Start of Block

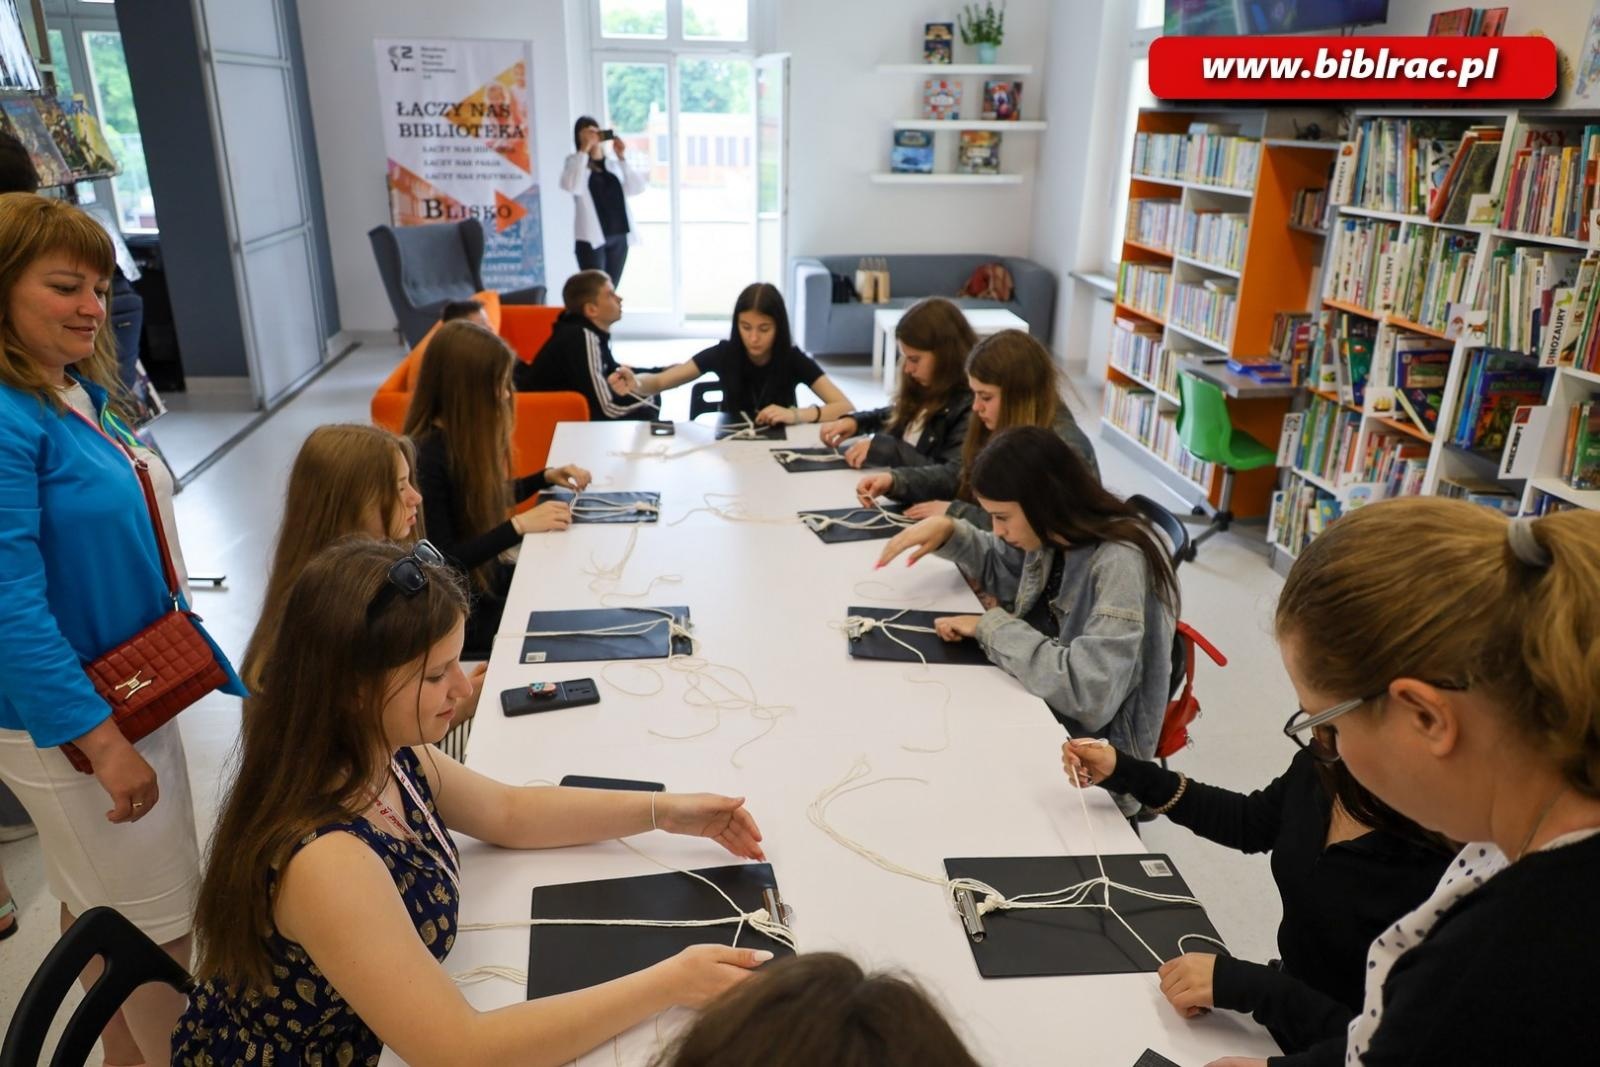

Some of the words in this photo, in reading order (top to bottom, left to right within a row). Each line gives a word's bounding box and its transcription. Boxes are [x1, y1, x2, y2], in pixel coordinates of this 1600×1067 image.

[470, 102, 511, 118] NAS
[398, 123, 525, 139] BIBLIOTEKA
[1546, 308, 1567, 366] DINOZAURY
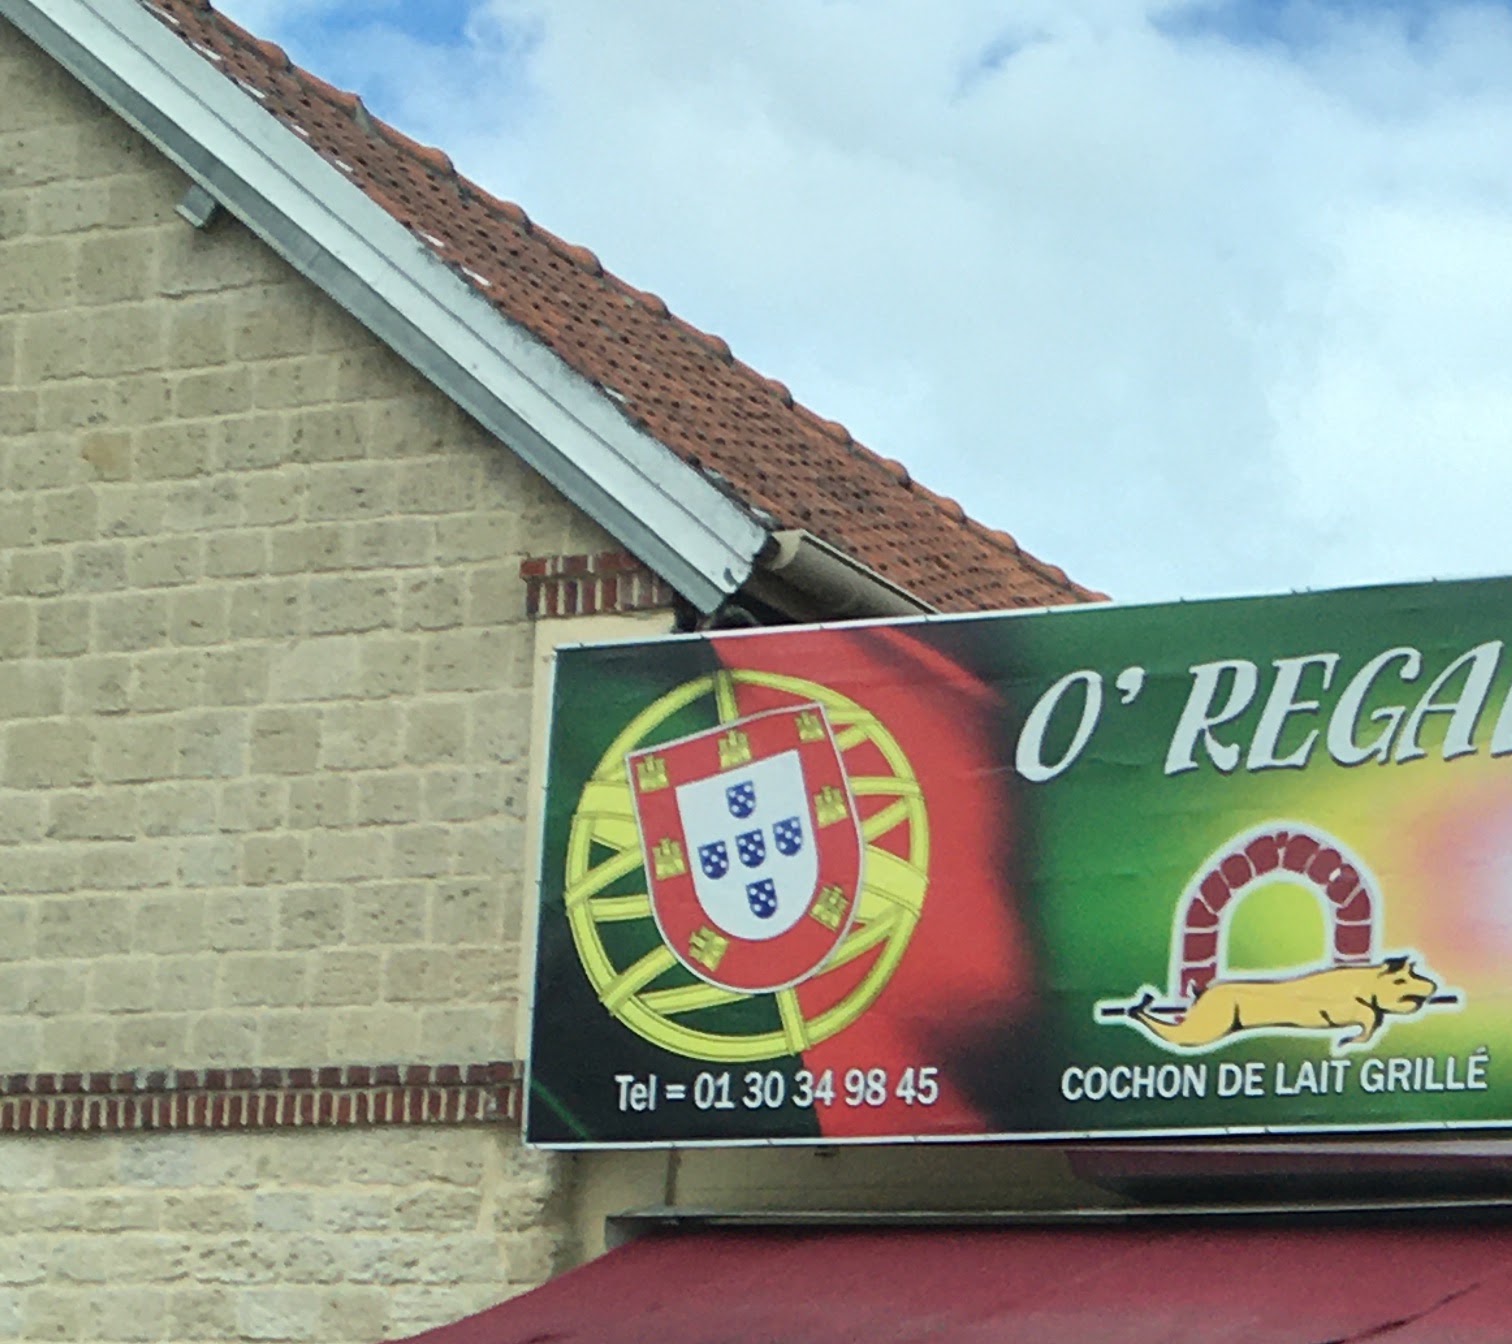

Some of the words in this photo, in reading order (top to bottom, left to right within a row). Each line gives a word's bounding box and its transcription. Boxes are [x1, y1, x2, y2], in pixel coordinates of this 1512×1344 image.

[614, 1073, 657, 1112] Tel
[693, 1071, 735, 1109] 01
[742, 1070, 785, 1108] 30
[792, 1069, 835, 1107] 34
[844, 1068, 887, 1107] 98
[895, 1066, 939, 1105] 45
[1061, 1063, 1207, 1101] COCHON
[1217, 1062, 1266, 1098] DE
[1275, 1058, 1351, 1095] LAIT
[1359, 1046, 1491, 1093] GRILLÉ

End of Block

WHAT YOU WILL DO: Without the pictures, return the entries exactly as they appear.

TASK ANSWER:
Some of the words in this photo, in reading order (top to bottom, left to right within a row). Each line gives a word's bounding box and its transcription. Boxes are [x1, y1, x2, y2], in pixel coordinates of this 1600×1067 image.

[470, 102, 511, 118] NAS
[398, 123, 525, 139] BIBLIOTEKA
[1546, 308, 1567, 366] DINOZAURY

Some of the words in this photo, in reading order (top to bottom, left to right within a row). Each line gives a word's bounding box and its transcription. Boxes are [x1, y1, x2, y2], in pixel coordinates of this 1512×1344 image.

[614, 1073, 657, 1112] Tel
[693, 1071, 735, 1109] 01
[742, 1070, 785, 1108] 30
[792, 1069, 835, 1107] 34
[844, 1068, 887, 1107] 98
[895, 1066, 939, 1105] 45
[1061, 1063, 1207, 1101] COCHON
[1217, 1062, 1266, 1098] DE
[1275, 1058, 1351, 1095] LAIT
[1359, 1046, 1491, 1093] GRILLÉ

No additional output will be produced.